Sono intervenuti due relatori di grande competenza e prestigio come Marco Belpoliti, lo scrittore che ha curato la recente edizione integrale delle Opere complete di Levi, e Simona Forti, docente di filosofia politica e studiosa di Hannah Arendt e di totalitarismi.
Che Primo Levi sia uno scrittore straordinariamente attuale, mi pare fuori discussione.
Ma è doveroso ricordarlo, rileggendo la sua testimonianza umana e letteraria, con i valori, gli insegnamenti morali e politici che ci consegna.
Le sue parole costringono la distrazione di massa spesso imperante a fermarsi, per riflettere con disincanto e spirito critico su come va il mondo.
Pensiamo solamente ai muri che separano stati e popoli, all’Europa che sembra ricadere nel nazionalismo, al risorgente razzismo, alla violenza xenofoba, all’intolleranza per ogni diversità, all’attenuarsi dello spirito civico, allo sfarinamento del senso di appartenenza ad una unica comunità.
Ricordare ciò che è stato, Auschwitz, l’Olocausto, serve.
Per capire che il male è banale, che si annida instancabile nella natura di persone normali e che bisogna conoscerlo per tempo e combatterlo, ascoltando i lamenti di oggi di tanti uomini e popoli.
È «quell’angoscia che tante volte ad ora incerta ritorna e ci brucia nel petto», per ricordare le parole che Primo Levi prende dalla Ballata del vecchio marinaio di Coleridge, facendone il prologo del suo testamento spirituale, I sommersi e i salvati.
«La memoria umana è uno strumento meraviglioso ma fallace» dice Primo Levi, poiché anche un ricordo spesso rievocato rischia di trasformarsi in stereotipo, di non contenere più il senso di cui una volta era portatore.
Dunque va coltivata, alimentata. Siamo qui, tra il 27 gennaio, giorno della memoria che ricorda le vittime della Shoah, e il 25 aprile, la ricorrenza della Festa della Liberazione dal nazifascismo.
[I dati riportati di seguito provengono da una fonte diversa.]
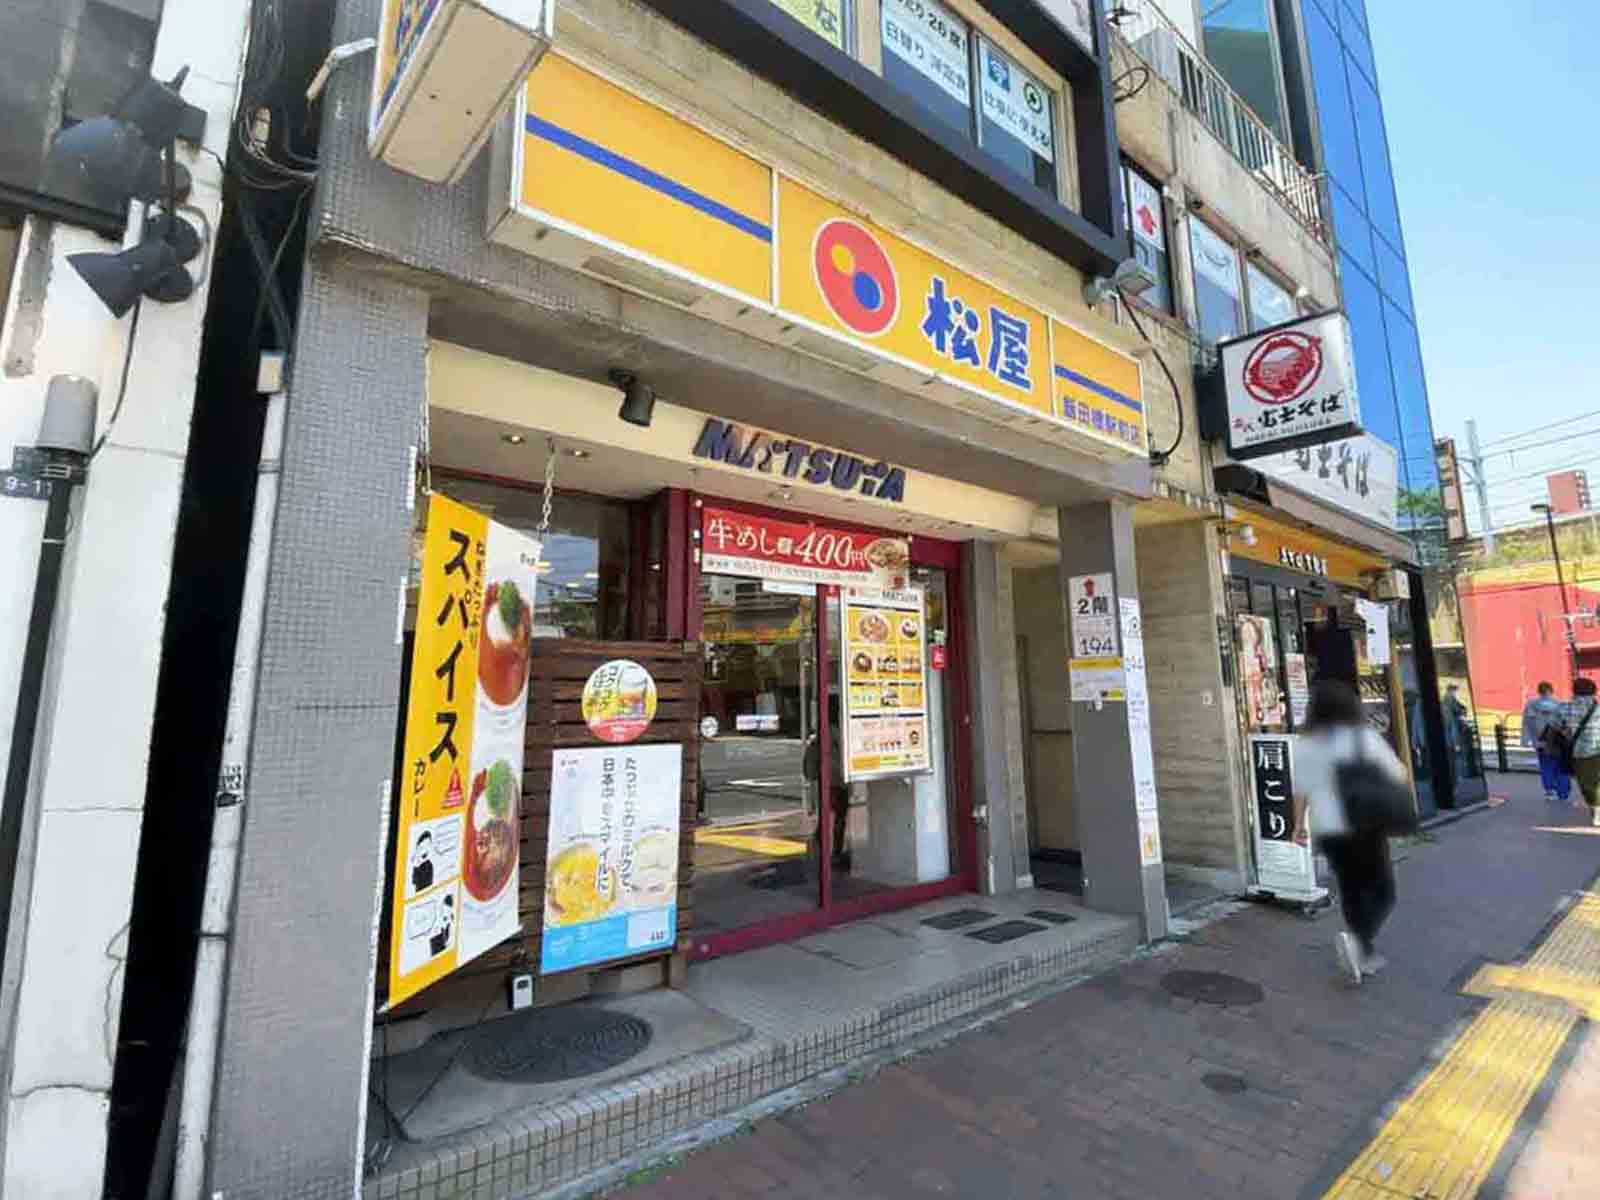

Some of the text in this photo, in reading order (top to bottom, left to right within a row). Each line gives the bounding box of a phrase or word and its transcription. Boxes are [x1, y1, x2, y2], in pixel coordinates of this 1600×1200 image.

[921, 277, 1033, 391] 松屋
[1257, 391, 1345, 429] 富士そば
[692, 417, 907, 502] MATSUYA
[1077, 595, 1110, 615] 2階
[428, 528, 474, 766] スパイス
[1080, 636, 1113, 656] 194
[412, 758, 427, 818] カレー
[1257, 742, 1287, 839] 肩こり
Come Amministrazione Comunale di Correggio, cerchiamo di fare la nostra parte per ricordare, chiamando i cittadini a partecipare in prima persona alle tante manifestazioni in programma.
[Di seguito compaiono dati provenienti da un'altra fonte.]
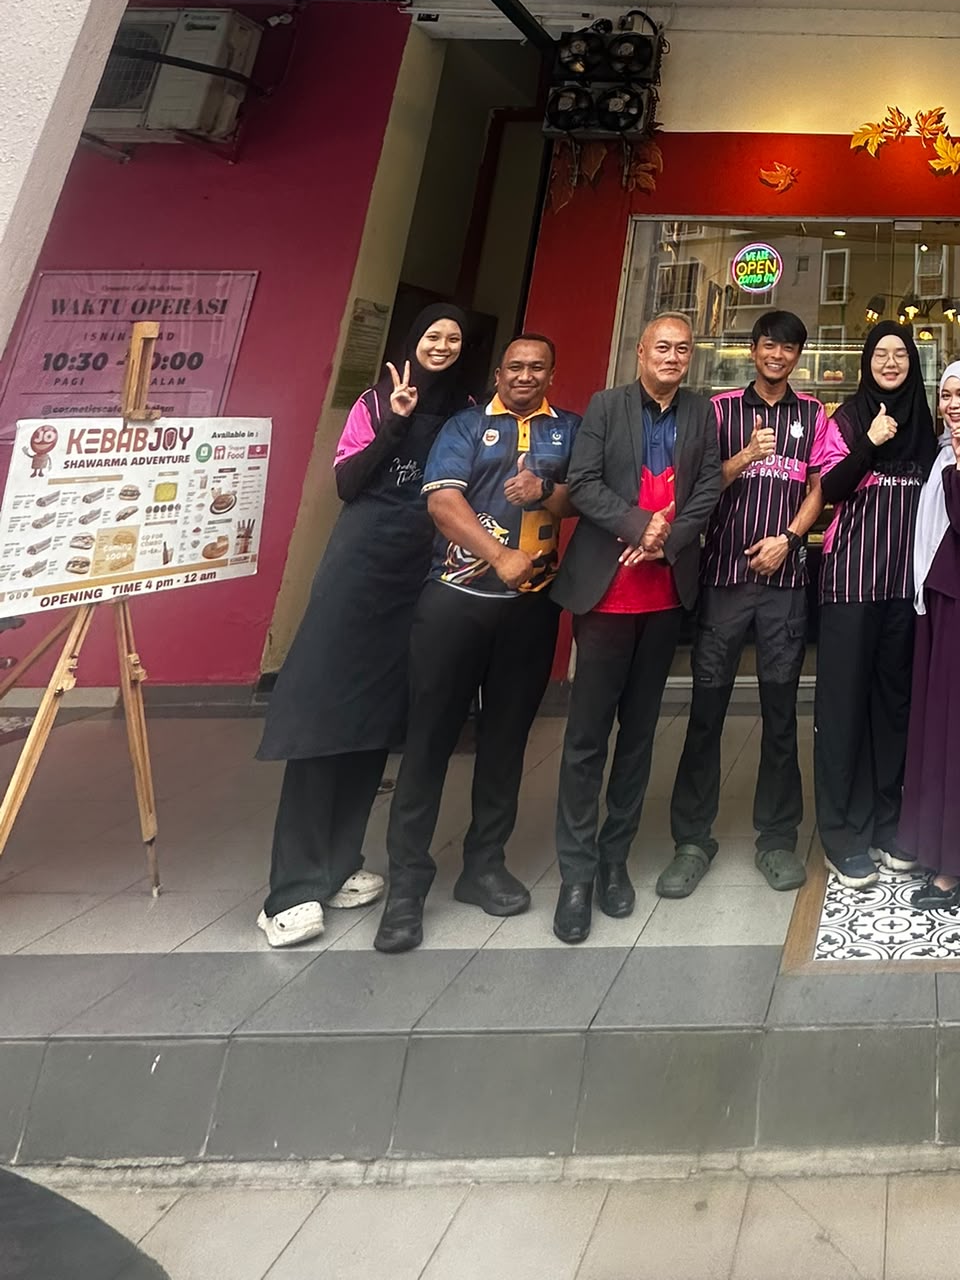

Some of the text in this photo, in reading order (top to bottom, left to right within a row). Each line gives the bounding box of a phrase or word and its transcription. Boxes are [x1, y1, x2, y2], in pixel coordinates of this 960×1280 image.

[736, 259, 777, 276] OPEN
[51, 298, 229, 315] WAKTU OPERASI
[42, 352, 109, 371] 10:30
[54, 377, 186, 386] PAGI ALAM
[66, 427, 194, 455] KEBABJOY
[63, 455, 191, 469] SHAWARMA ADVENTURE
[227, 451, 245, 459] Food
[760, 467, 789, 481] BAKR
[879, 476, 897, 487] THE
[40, 587, 103, 608] OPENING
[112, 581, 142, 596] TIME
[145, 580, 152, 589] 4
[156, 577, 173, 590] pm
[184, 573, 198, 583] 12
[199, 571, 217, 581] am
Arianna Tegani, insegnante del nostro Liceo ha riportato durante la serata le domande degli studenti: ma chi erano quei terribili aguzzini di Auschwitz? «Salvo eccezioni, non erano mostri, avevano il nostro viso, ma erano stati educati male»: sono le parole di Primo Levi, che rispondeva alle domande di allora, quando andava lui nelle scuole.
Quella risposta di Levi è ancora valida. Ieri come oggi. Educare, dunque, educare.
E il fatto che alla serata di Primo Piano fosse presente un pubblico folto e attento, con un bel gruppo di giovani, fa davvero ben sperare.